Start of Data records
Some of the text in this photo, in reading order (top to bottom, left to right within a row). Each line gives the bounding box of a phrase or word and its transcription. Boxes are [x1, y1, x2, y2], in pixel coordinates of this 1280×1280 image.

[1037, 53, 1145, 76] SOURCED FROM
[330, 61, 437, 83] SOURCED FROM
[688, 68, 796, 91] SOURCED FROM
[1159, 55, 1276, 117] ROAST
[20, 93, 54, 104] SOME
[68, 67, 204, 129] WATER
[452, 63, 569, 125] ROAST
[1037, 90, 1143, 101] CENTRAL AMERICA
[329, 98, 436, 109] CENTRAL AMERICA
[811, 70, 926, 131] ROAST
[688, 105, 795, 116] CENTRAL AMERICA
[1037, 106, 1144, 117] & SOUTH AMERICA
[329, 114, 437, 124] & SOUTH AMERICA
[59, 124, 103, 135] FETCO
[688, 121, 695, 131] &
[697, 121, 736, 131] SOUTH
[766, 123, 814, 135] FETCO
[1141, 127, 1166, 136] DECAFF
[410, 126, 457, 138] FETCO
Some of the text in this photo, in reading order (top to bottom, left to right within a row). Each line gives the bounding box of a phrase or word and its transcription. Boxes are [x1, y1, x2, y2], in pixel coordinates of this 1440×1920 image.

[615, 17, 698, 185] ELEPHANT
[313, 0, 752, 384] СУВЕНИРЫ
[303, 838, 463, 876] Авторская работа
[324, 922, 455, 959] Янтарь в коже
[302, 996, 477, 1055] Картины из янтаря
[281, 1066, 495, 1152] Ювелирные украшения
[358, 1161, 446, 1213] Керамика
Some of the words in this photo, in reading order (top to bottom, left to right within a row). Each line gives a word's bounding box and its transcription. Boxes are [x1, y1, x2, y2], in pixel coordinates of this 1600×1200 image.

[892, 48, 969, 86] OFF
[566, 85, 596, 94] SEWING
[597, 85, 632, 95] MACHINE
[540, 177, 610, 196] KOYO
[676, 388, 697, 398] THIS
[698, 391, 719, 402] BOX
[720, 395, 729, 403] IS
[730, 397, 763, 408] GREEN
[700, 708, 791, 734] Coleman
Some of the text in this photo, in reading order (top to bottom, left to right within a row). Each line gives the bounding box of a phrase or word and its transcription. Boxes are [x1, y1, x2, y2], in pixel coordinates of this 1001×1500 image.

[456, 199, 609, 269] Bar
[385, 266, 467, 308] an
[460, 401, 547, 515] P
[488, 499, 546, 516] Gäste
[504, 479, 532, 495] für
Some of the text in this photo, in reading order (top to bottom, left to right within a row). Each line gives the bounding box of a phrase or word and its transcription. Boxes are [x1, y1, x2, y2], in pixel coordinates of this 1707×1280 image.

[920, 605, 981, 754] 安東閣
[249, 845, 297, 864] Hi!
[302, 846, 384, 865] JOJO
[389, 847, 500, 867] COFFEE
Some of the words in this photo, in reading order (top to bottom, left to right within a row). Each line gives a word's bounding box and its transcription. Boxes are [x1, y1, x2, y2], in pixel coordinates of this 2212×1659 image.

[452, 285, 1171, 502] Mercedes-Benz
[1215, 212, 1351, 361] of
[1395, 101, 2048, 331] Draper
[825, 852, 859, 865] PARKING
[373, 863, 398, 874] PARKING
End of Data records
### What needs to be done
Return all of the entries exactly as written.

### Response to this task
Some of the text in this photo, in reading order (top to bottom, left to right within a row). Each line gives the bounding box of a phrase or word and its transcription. Boxes are [x1, y1, x2, y2], in pixel coordinates of this 1280×1280 image.

[1037, 53, 1145, 76] SOURCED FROM
[330, 61, 437, 83] SOURCED FROM
[688, 68, 796, 91] SOURCED FROM
[1159, 55, 1276, 117] ROAST
[20, 93, 54, 104] SOME
[68, 67, 204, 129] WATER
[452, 63, 569, 125] ROAST
[1037, 90, 1143, 101] CENTRAL AMERICA
[329, 98, 436, 109] CENTRAL AMERICA
[811, 70, 926, 131] ROAST
[688, 105, 795, 116] CENTRAL AMERICA
[1037, 106, 1144, 117] & SOUTH AMERICA
[329, 114, 437, 124] & SOUTH AMERICA
[59, 124, 103, 135] FETCO
[688, 121, 695, 131] &
[697, 121, 736, 131] SOUTH
[766, 123, 814, 135] FETCO
[1141, 127, 1166, 136] DECAFF
[410, 126, 457, 138] FETCO
Some of the text in this photo, in reading order (top to bottom, left to right within a row). Each line gives the bounding box of a phrase or word and its transcription. Boxes are [x1, y1, x2, y2], in pixel coordinates of this 1440×1920 image.

[615, 17, 698, 185] ELEPHANT
[313, 0, 752, 384] СУВЕНИРЫ
[303, 838, 463, 876] Авторская работа
[324, 922, 455, 959] Янтарь в коже
[302, 996, 477, 1055] Картины из янтаря
[281, 1066, 495, 1152] Ювелирные украшения
[358, 1161, 446, 1213] Керамика
Some of the words in this photo, in reading order (top to bottom, left to right within a row). Each line gives a word's bounding box and its transcription. Boxes are [x1, y1, x2, y2], in pixel coordinates of this 1600×1200 image.

[892, 48, 969, 86] OFF
[566, 85, 596, 94] SEWING
[597, 85, 632, 95] MACHINE
[540, 177, 610, 196] KOYO
[676, 388, 697, 398] THIS
[698, 391, 719, 402] BOX
[720, 395, 729, 403] IS
[730, 397, 763, 408] GREEN
[700, 708, 791, 734] Coleman
Some of the text in this photo, in reading order (top to bottom, left to right within a row). Each line gives the bounding box of a phrase or word and its transcription. Boxes are [x1, y1, x2, y2], in pixel coordinates of this 1001×1500 image.

[456, 199, 609, 269] Bar
[385, 266, 467, 308] an
[460, 401, 547, 515] P
[488, 499, 546, 516] Gäste
[504, 479, 532, 495] für
Some of the text in this photo, in reading order (top to bottom, left to right within a row). Each line gives the bounding box of a phrase or word and its transcription. Boxes are [x1, y1, x2, y2], in pixel coordinates of this 1707×1280 image.

[920, 605, 981, 754] 安東閣
[249, 845, 297, 864] Hi!
[302, 846, 384, 865] JOJO
[389, 847, 500, 867] COFFEE
Some of the words in this photo, in reading order (top to bottom, left to right within a row). Each line gives a word's bounding box and its transcription. Boxes are [x1, y1, x2, y2], in pixel coordinates of this 2212×1659 image.

[452, 285, 1171, 502] Mercedes-Benz
[1215, 212, 1351, 361] of
[1395, 101, 2048, 331] Draper
[825, 852, 859, 865] PARKING
[373, 863, 398, 874] PARKING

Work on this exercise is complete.